Is an idea i had to replace dkimproxy (my blog) it appears to have one instance rather than the many which could be an advantage. I have never used opendkim so spent a few days with it
i decide to explore via Google and things seem simple**.except that an /etc/default is unmentioned however with a bit poking i get a up and running daemon*. Its not connected to anything or has dns settings but its there.
I put a new key in dns, un-mangle dkimproxy and postfix. Then with milter and try and send an email which the postfix cant see. Think that’s an acl issue with an host with two network cards, so i add the ip of the sending box.
My first experience varies between unexpected protocol error, and there’s nobody home where said milter should be.

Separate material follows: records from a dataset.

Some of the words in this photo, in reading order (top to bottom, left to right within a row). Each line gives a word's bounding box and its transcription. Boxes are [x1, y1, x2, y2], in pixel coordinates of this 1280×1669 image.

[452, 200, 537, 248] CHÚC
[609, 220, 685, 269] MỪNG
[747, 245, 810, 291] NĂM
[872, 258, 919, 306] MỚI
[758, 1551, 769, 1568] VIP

fatal: 12345@localhost: garbage after numerical service postfix/smtpd: fatal: host/service localhost/12345 not found: Name or service not known
I re-enable dkimproxy which works.
Testing opendkim possible (as root)
opendkim-testkey -k /etc/opendkim/keys/domian/default.private -x /etc/opendkim.conf -vvv -s default -d zoo
So sort of successful.If you get a message about being not secure live with it, its not permisions, but key size which your going to read about later on. I use different selectors so i could keep dkimproxy working while figuring out this.
I restart another day this time i get opendkim and get postfix to send email via some alternative google suggestions
smtpd_milters = inet:127.0.0.1:8891
non_smtpd_milters = $smtpd_milters
milter_default_action = accept
milter_protocol = 2
Any how some adjusting leaves me with amavis (my blog) also being run However there is something up with signing table.

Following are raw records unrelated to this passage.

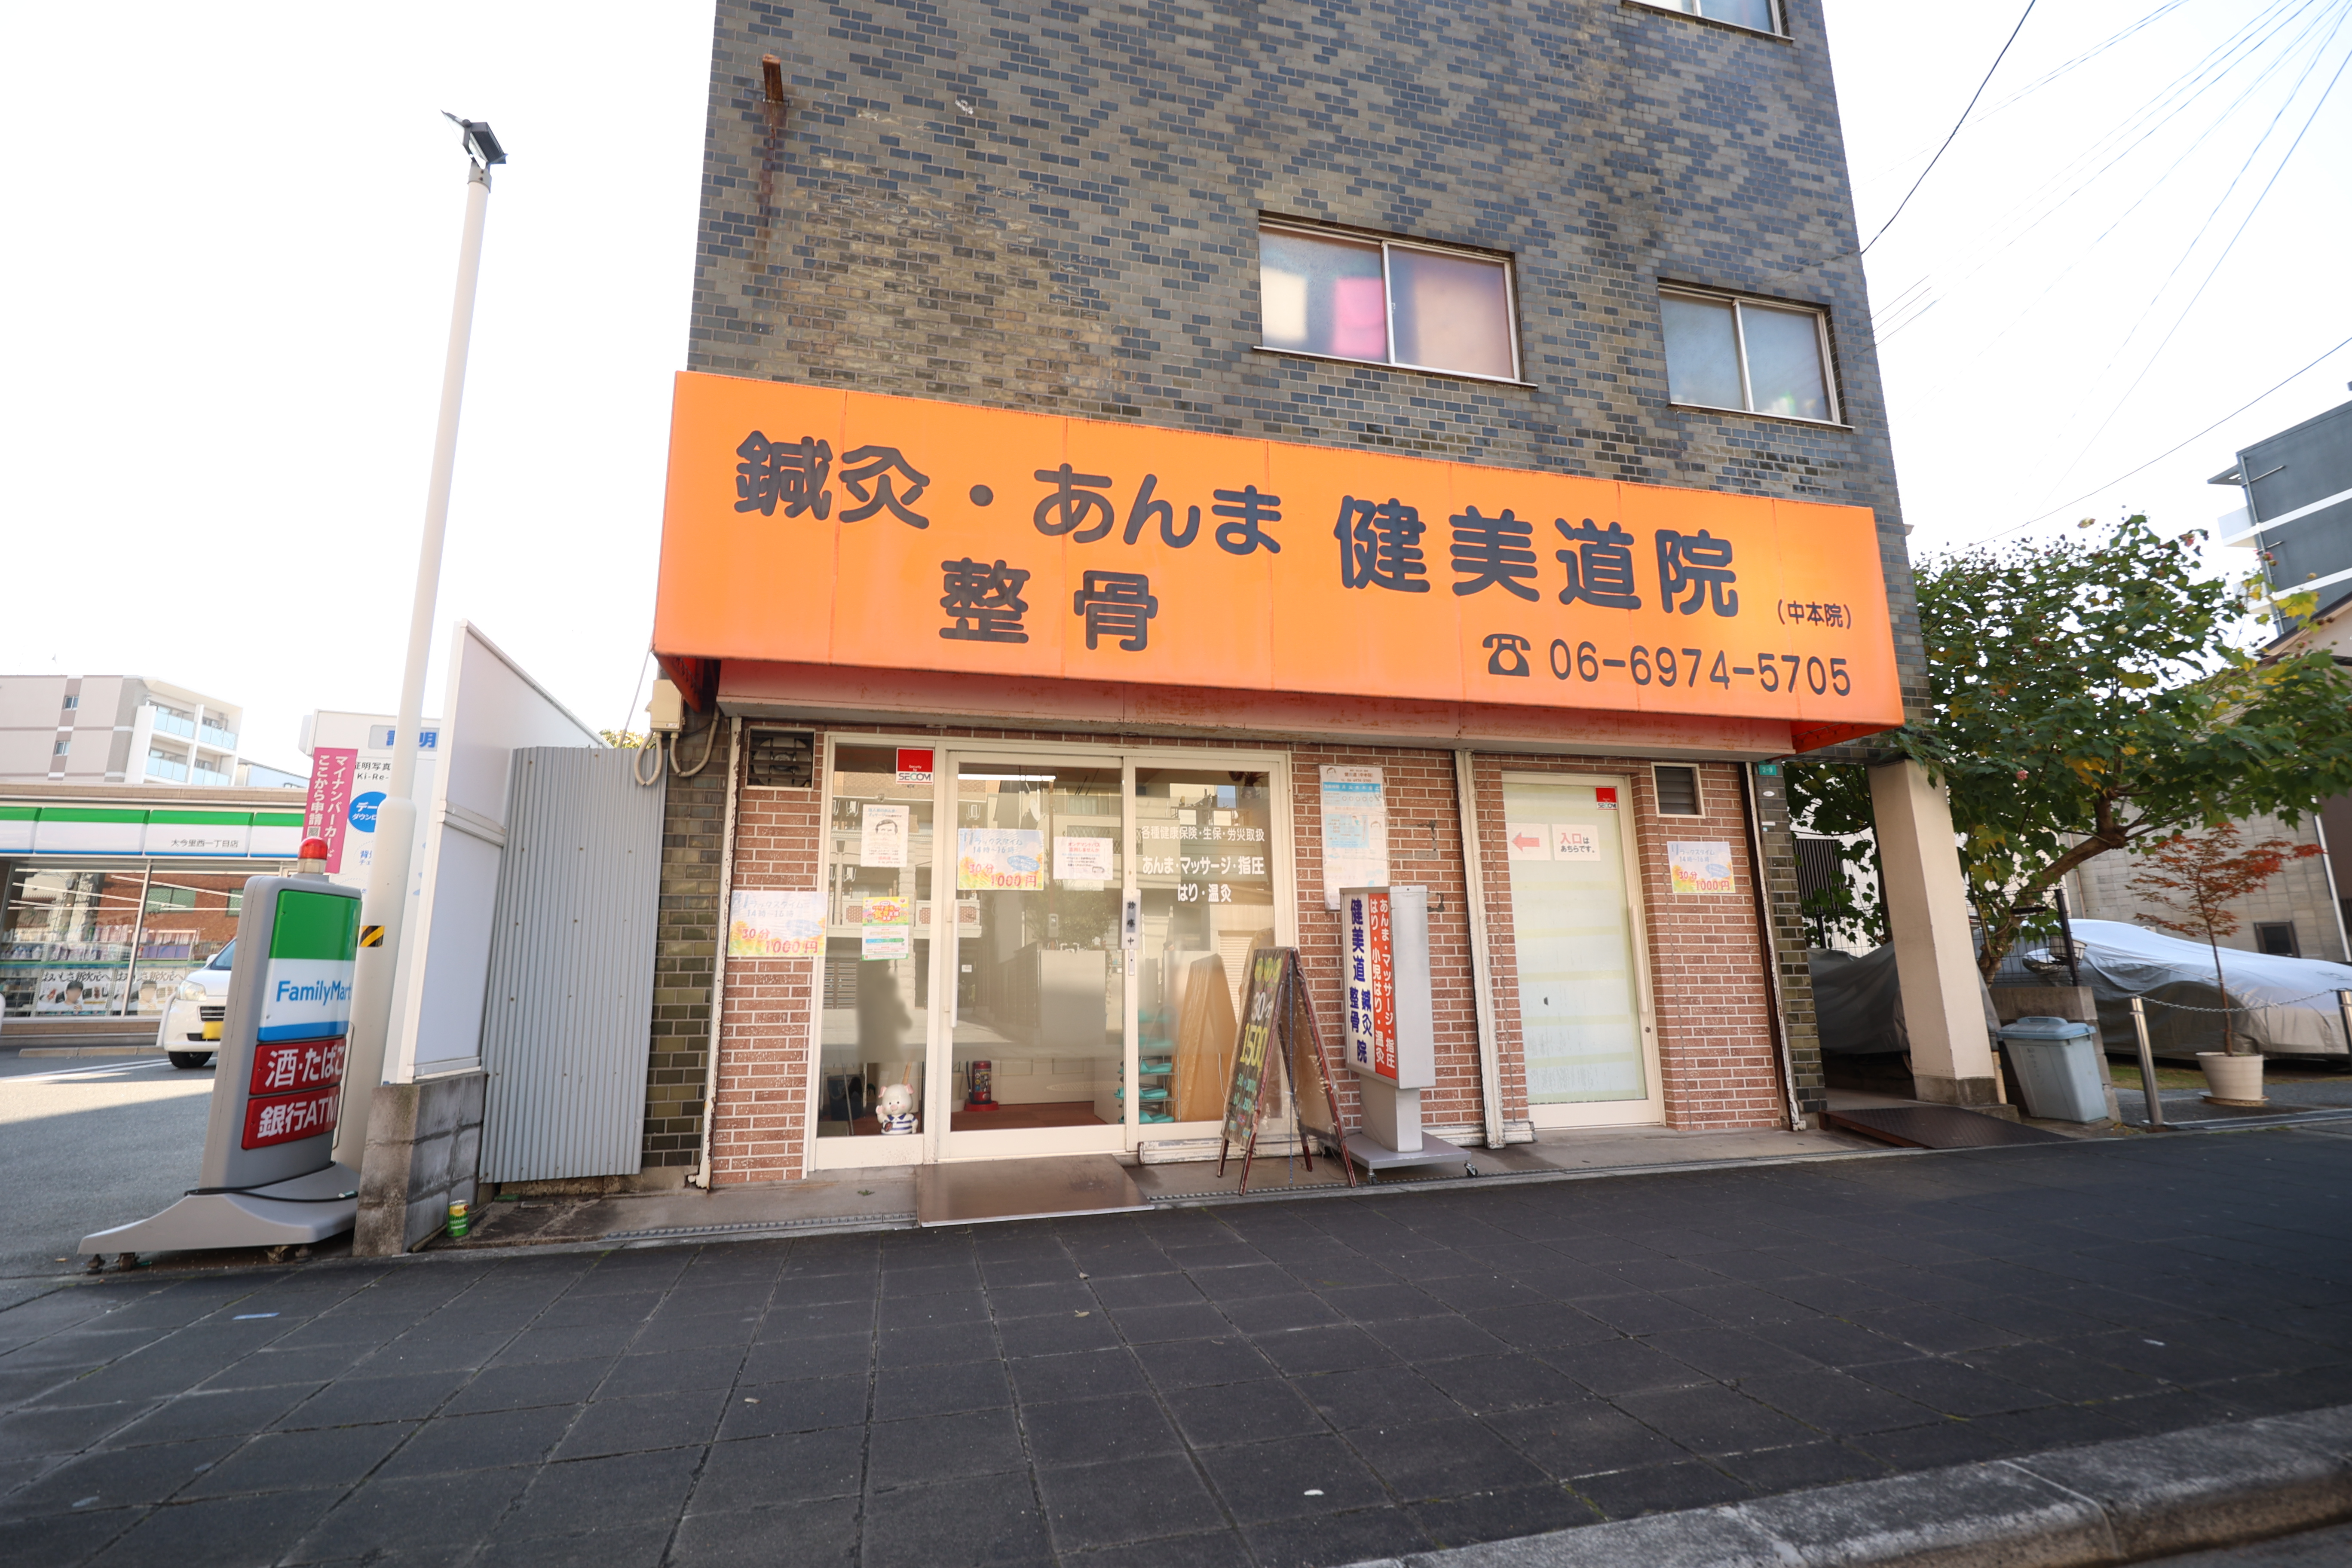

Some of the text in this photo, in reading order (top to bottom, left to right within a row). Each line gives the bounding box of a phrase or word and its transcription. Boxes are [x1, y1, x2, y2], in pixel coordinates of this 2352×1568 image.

[1334, 495, 1738, 617] 健美道院
[940, 557, 1158, 652] 整骨
[1550, 638, 1851, 697] 06-6974-5705
[899, 773, 931, 781] SECOM
[308, 755, 330, 826] ここから申請
[171, 839, 239, 848] 大今里西一丁目店
[1141, 826, 1265, 842] 各種健康保険・生保・労災取扱
[1142, 856, 1265, 875] あんま・マッサージ・指圧
[991, 875, 1037, 888] 1000円
[1696, 880, 1730, 891] 1000円
[1178, 883, 1232, 903] はり・温灸
[766, 940, 818, 954] 1000円
[276, 980, 351, 1006] FamilyMart
[1380, 899, 1395, 1069] あんま・マッサージ・指圧
[257, 1094, 338, 1139] 銀行ATM

opendkim: x: no signing table match for ‘bananas@zoo’
Progress in a fashion is also indicated by logs
opendkim: x: [22.214.171.124] [126.96.36.199] not internal opendkim: x: not authenticated opendkim: x: no signature data
I set sv,, this is verifcation in action with a a yahoo webmail product with no dkim and that trustedhosts is working. Giggle, However some hosts are better and this is from amavis (my blog) which shows it works well being i thought i was using dkimproxy for inbound dkim checks via some sort of perl.
Authentication-Results: mail2.zoo; dkim=pass reason="2048-bit key; insecure key" header.d=google.com email@example.com header.b=chickens; dkim-adsp=pass; dkim-atps=neutral
Key size seems an issue.and worth look although dns txt record limits mean i cant do 4096 key signing as thats 712 characters not the max 512 i get to work with , so 2048 it is. at and Its not all bad news dmarc (my blog) and spf pass just no dkim.
I have issues with these lines.
So its back to hunting the issue which seems to be a refile issye with KeyTable and SigningTable which i comment out and opendkim -q is not too helpful
I resort to
Domain zoo Selector mail2 KeyFile /etc/opendkim/keys/zoo/mail2.private
In opendkim.conf and it signs rather than tell me to piss off..
That’s not the end of it for me as i have zoo1 zoo2 and others to add. That’s why i wanted those refile things to work. But its a start as opendkim does something. However that can wait,
I add zoo1 (a new domain and is not zoo) when i switched had a bad dns record
reason="invalid (public key: OpenSSL error: bad base64 decode)"
so i re did the dns, it tested as 2048 size but it seems you can only have one selector and domain in opendkim.conf. So its back to signing table. This is my screw up but
KeyTable /etc/opendkim/KeyTable #removed refile: SigningTable refile:/etc/opendkim/SigningTable
Works with thee contents something like
SigningTable looks like
*@zoo mail2._domainkey.zoo 1 .zoo1
That’s a mask (bananas.falklands) @ zoo, then the public dkim dns lookup. zoo or zoo1 is a domain name
mail2._domainkey.zoo zoo:mail2:/etc/opendkim/keys/zoo/mail2.private mail2._domainkey.zoo1 zoo1 mail2:/etc/opendkim/keys/zoo1/mail2.private
So keytable translates as dkim dns record, selector (-s mail), then private key, zoo (or zoo1) are domain names
If your files are not chown’ed by opendkim then opendkim will bitch at you with permission denied errors and not load.
Improvement wise I have doubled my signing key size over dkimproxy, and found out that dkim is trivial to crack but thats not really the point as dkim is something that can always be altered by us and is semi tricky to set up by somebody and pretend.to be somebody else and its another barrier into making stuff easy.
I still have two more zoo’s to move and its farewell to dkimproxy.
I bet nobody notices.
I seem to have broken spf on two domains (zoo3 and zoo2) which was once good but the rfc says no Spf is trivial in comparison to fix.
However using the milter but it uses a lot less memory than four dkimproxy processes i used before.
* not a satanic thing ** several days later and um well but at least i know what it does and how it works.